Match the resume to the labor category, honestly
Every key-personnel resume in a proposal is implicitly making a claim: this person meets the qualifications the solicitation requires for this labor category. Evaluators check. Two failure modes sink proposals here:
- The stretch. Naming someone whose experience doesn't actually meet the stated minimums (years in the category, specific certifications, a required clearance level). If the resume doesn't support the requirement on its face, the evaluators will dock you — and a protest from a losing competitor can surface the gap.
- The mismatch with reality. A resume tuned to look perfect for the bid but describing work the person didn't really do. This is both an integrity problem and a delivery problem: you have to actually staff what you sold.
The discipline is to map the requirement to a real person whose documented experience supports it, and tailor the resume to highlight the relevant truth — not to manufacture it. Evidence-backed competency records make this defensible: when the resume's claims trace to dated, rated competencies in your system, the staffing story holds together from proposal through award through the first audit.
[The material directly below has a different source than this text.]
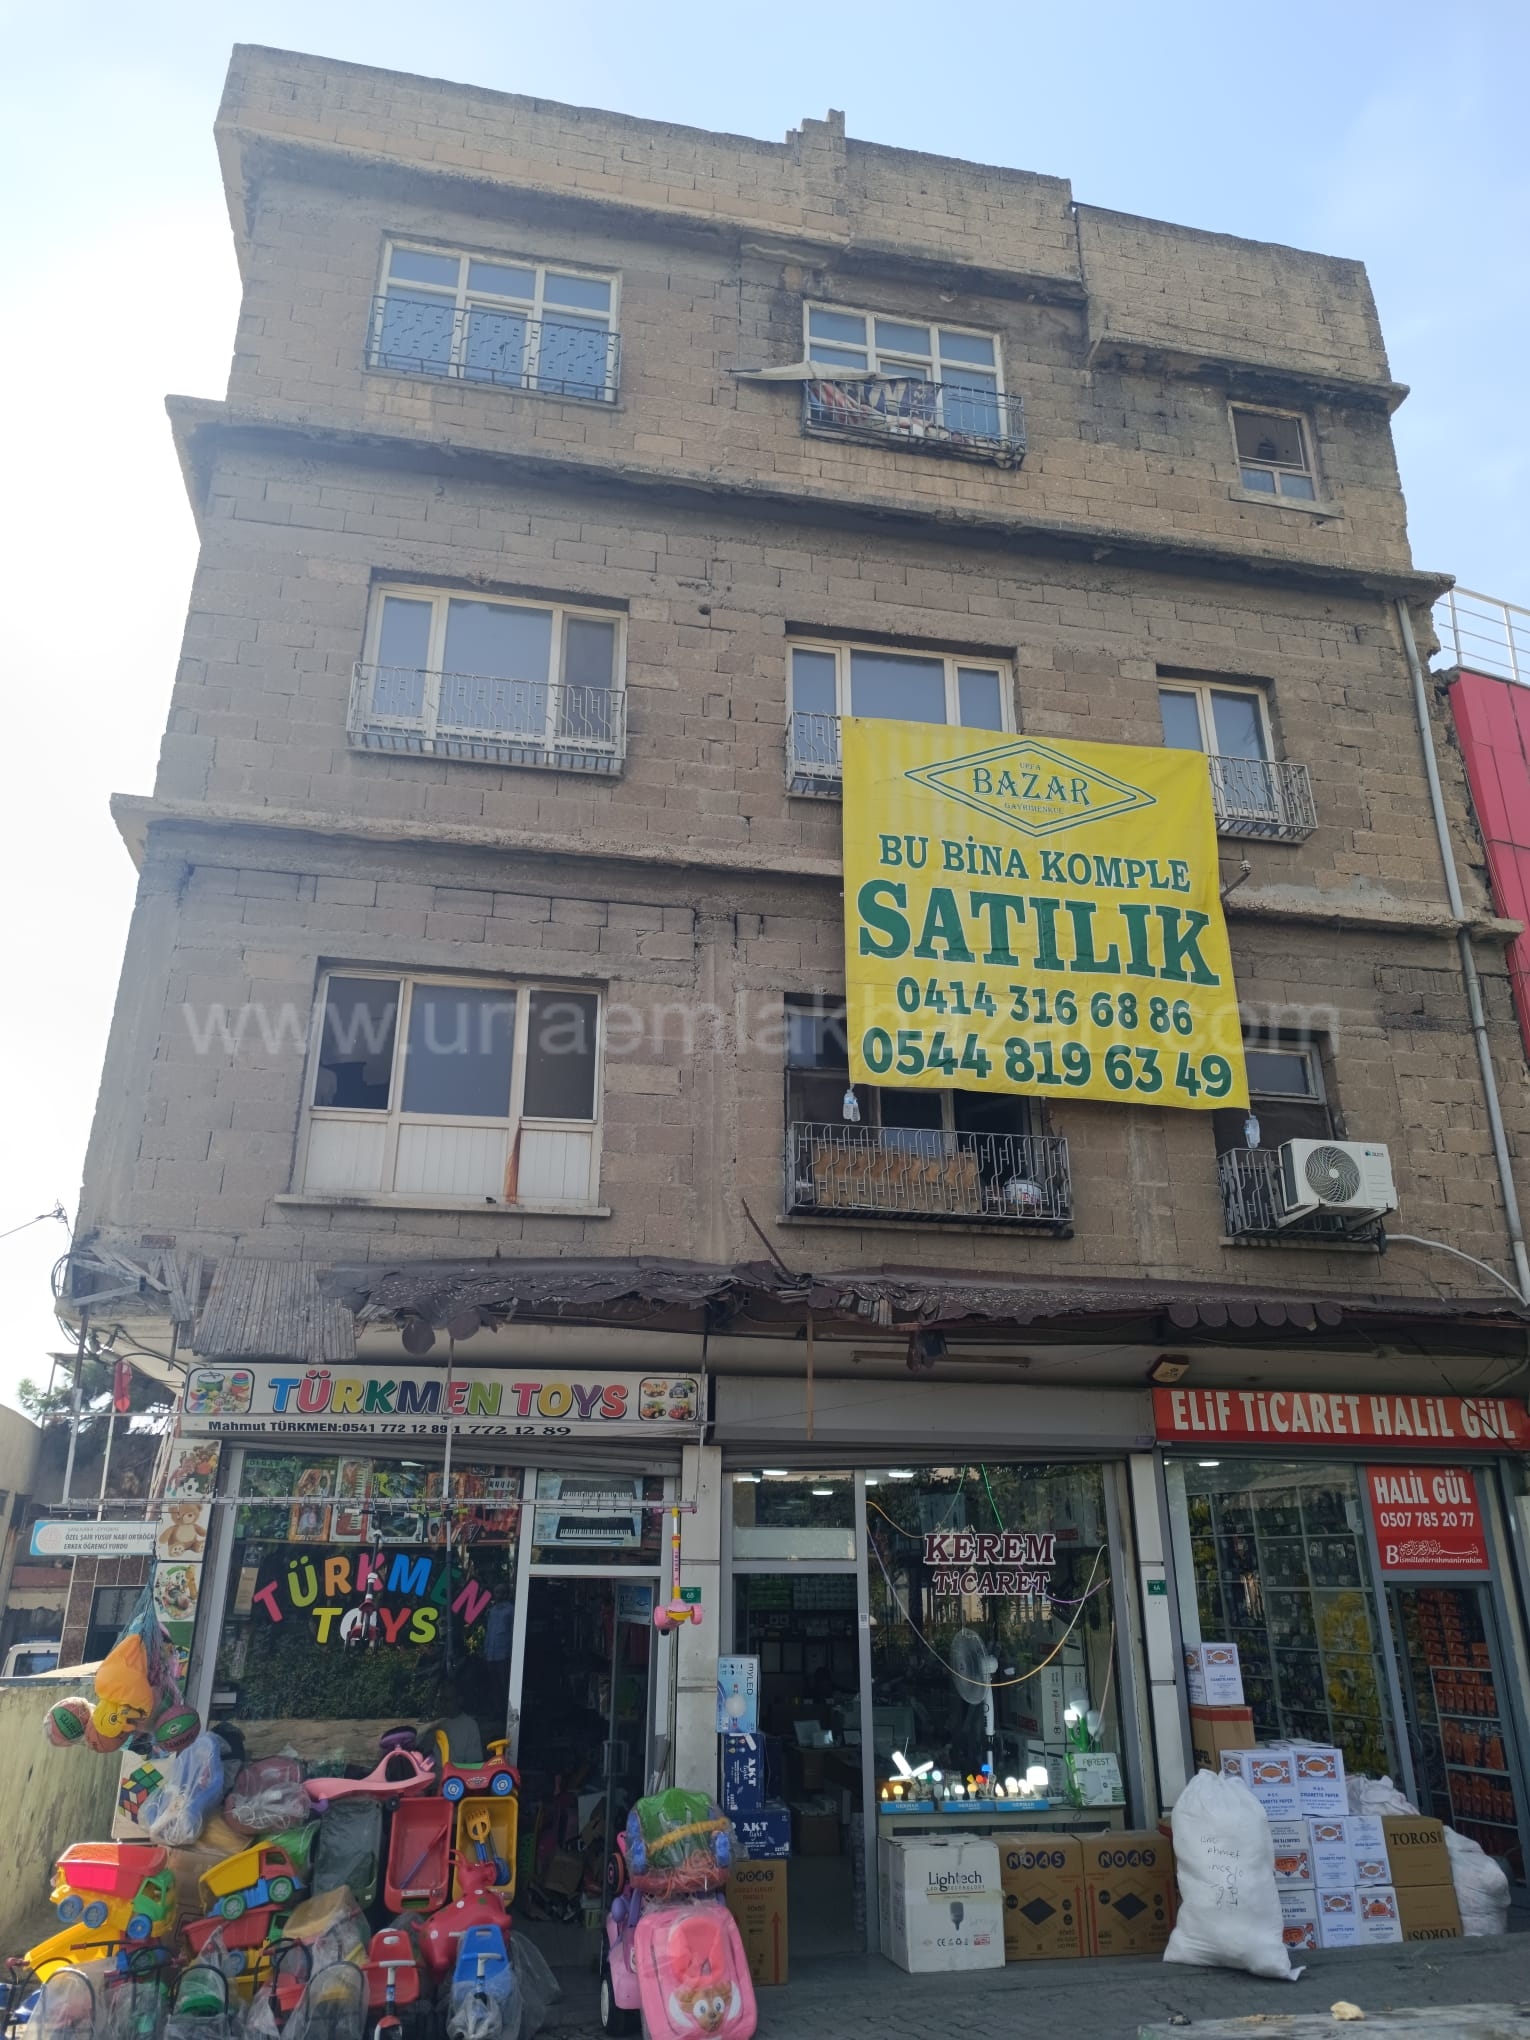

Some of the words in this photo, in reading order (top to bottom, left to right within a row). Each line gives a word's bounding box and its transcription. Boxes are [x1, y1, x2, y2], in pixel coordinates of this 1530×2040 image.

Letters of commitment and contingent offers
For named key personnel, evaluators frequently want proof the person will actually be there — not just that you'd like them to be. The instruments:
- Letter of commitment / letter of intent. A signed statement from the named individual that they commit to work on the contract if awarded. For current employees it's straightforward. For external candidates, it means you've recruited far enough to get a real signature before you win.
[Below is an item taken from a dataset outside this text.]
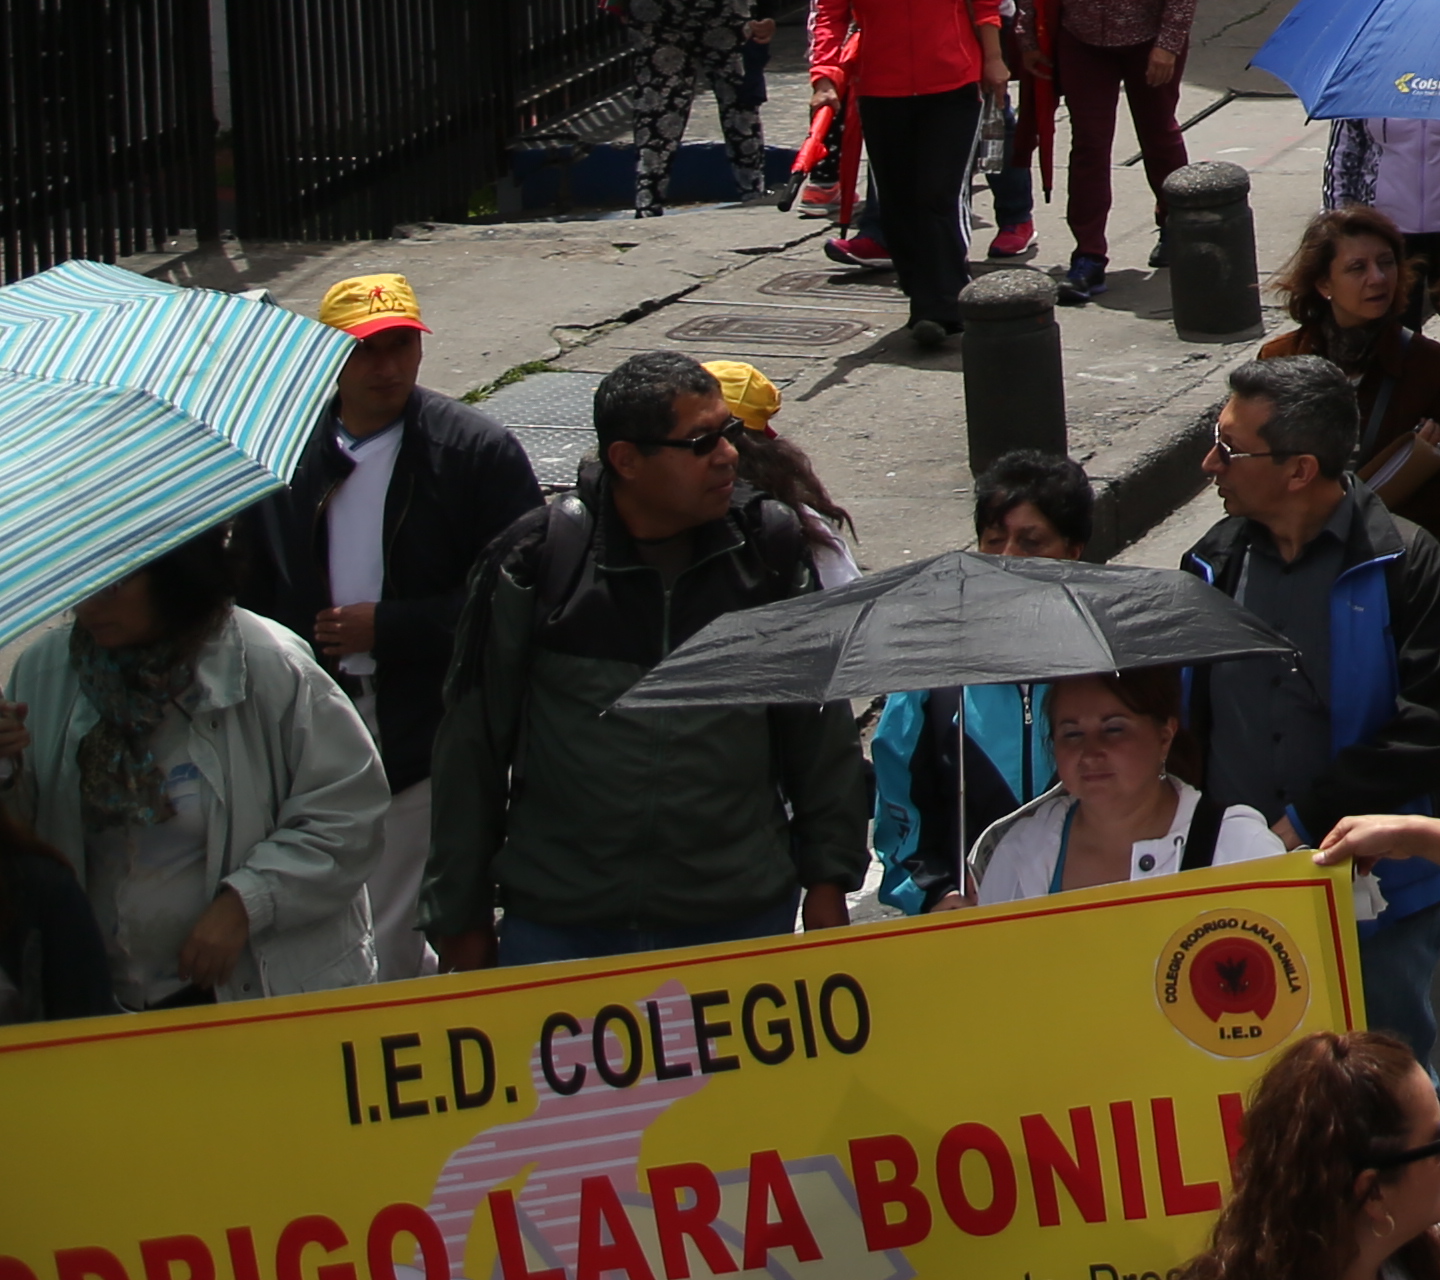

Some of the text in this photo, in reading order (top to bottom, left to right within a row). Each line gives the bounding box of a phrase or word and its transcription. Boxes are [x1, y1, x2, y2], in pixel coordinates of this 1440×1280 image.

[1180, 918, 1239, 952] RODRIGO
[341, 972, 871, 1127] I.E.D. COLEGIO
[1219, 1025, 1263, 1040] I.E.D
[487, 1148, 823, 1280] LARA
- Contingent offer. A formal offer of employment contingent on contract award (and often on a clearance, a start date, or a funded position). This is how you secure an external candidate for a named role without putting them on payroll for a contract you don't have yet.
The honest version of both is that the person genuinely intends to come if you win. The dishonest version — collecting a signature from someone who's signed three competitors' letters too, or who has no real intention of moving — is common enough that evaluators discount weak commitments and incumbents often re-badge the same people. Treat a letter of commitment as a real recruiting close, not a formality, and track which named candidates are firm versus soft so you know your actual risk if you win.
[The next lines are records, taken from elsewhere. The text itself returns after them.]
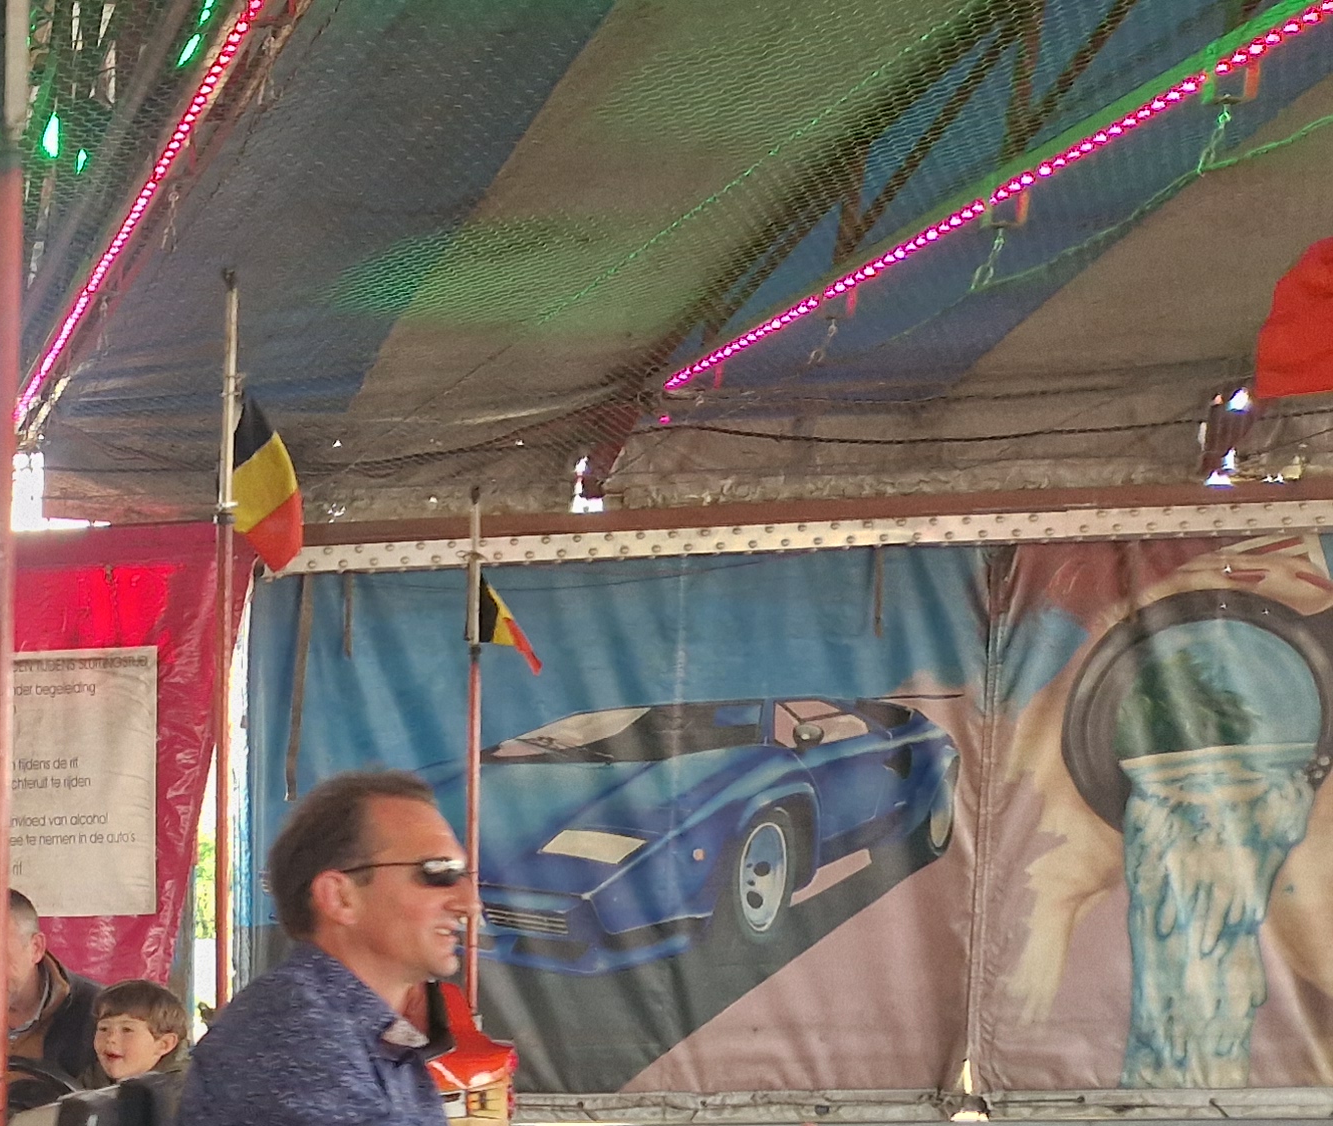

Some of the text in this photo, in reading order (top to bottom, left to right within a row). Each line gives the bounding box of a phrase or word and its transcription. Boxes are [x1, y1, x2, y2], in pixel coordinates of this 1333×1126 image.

[35, 682, 96, 698] begeleiding
[18, 757, 50, 772] tijdens
[53, 757, 67, 769] de
[69, 756, 79, 769] rit
[11, 777, 48, 790] chteruit
[51, 777, 61, 788] te
[63, 776, 91, 790] rijden
[10, 815, 46, 827] nvloed
[48, 816, 68, 826] van
[70, 812, 109, 825] alcohol
[26, 834, 36, 846] te
[39, 834, 76, 845] nemen
[78, 832, 87, 844] in
[90, 832, 104, 844] de
[106, 831, 136, 844] auto's
Plan for the gap between award and start
Even with commitments, people fall through between submission and award — a process that can take months. Your key-personnel risk is the set of named people who might not actually be available at award. Manage it deliberately:
- Know your substitution rules. Many contracts restrict substituting key personnel after award, sometimes requiring the contracting officer's approval and an equally-or-better-qualified replacement. If your named PM walks before start, you need a real backup, not a panic.
- Keep backups warm for every named role. The same pipeline that produced the primary candidate should have a credible second. An org chart that reflects who's actually committed and available keeps the staffing picture consistent between the proposal and the people you can really deploy.
- Move fast on award. The longer the gap between award and converting a contingent offer into a start date, the more your named candidate drifts. Have the onboarding and clearance-transfer steps ready to fire the day the award lands.
Keep the staffing story consistent end to end
The deepest reason to staff proposals honestly is that the proposal, the award, and the audit all have to tell the same story. The named PM in your technical volume should be the person who shows up, charging the right labor category on a compliant timesheet, at a rate your cost volume and any applicable wage determination actually support. When recruiting, pricing, and delivery are disconnected, the seams show — to evaluators first, then to the contracting officer, then to an auditor. When the bench you carry, the people you name, and the staff you deliver are the same set of real people, every downstream review becomes a confirmation instead of an exposure.
The bottom line
Recruiting to a proposal is real recruiting on a hard deadline, and the key-personnel section is scored by people who can tell commitment from bluff. Build the pipeline before the solicitation, match resumes to labor categories by documented truth, secure genuine letters of commitment and contingent offers, keep credible backups for every named role, and keep the staffing story consistent from bid to delivery. Do that and "we have qualified, committed, available key personnel at award" stops being a line you hope you can defend — and becomes one you can prove.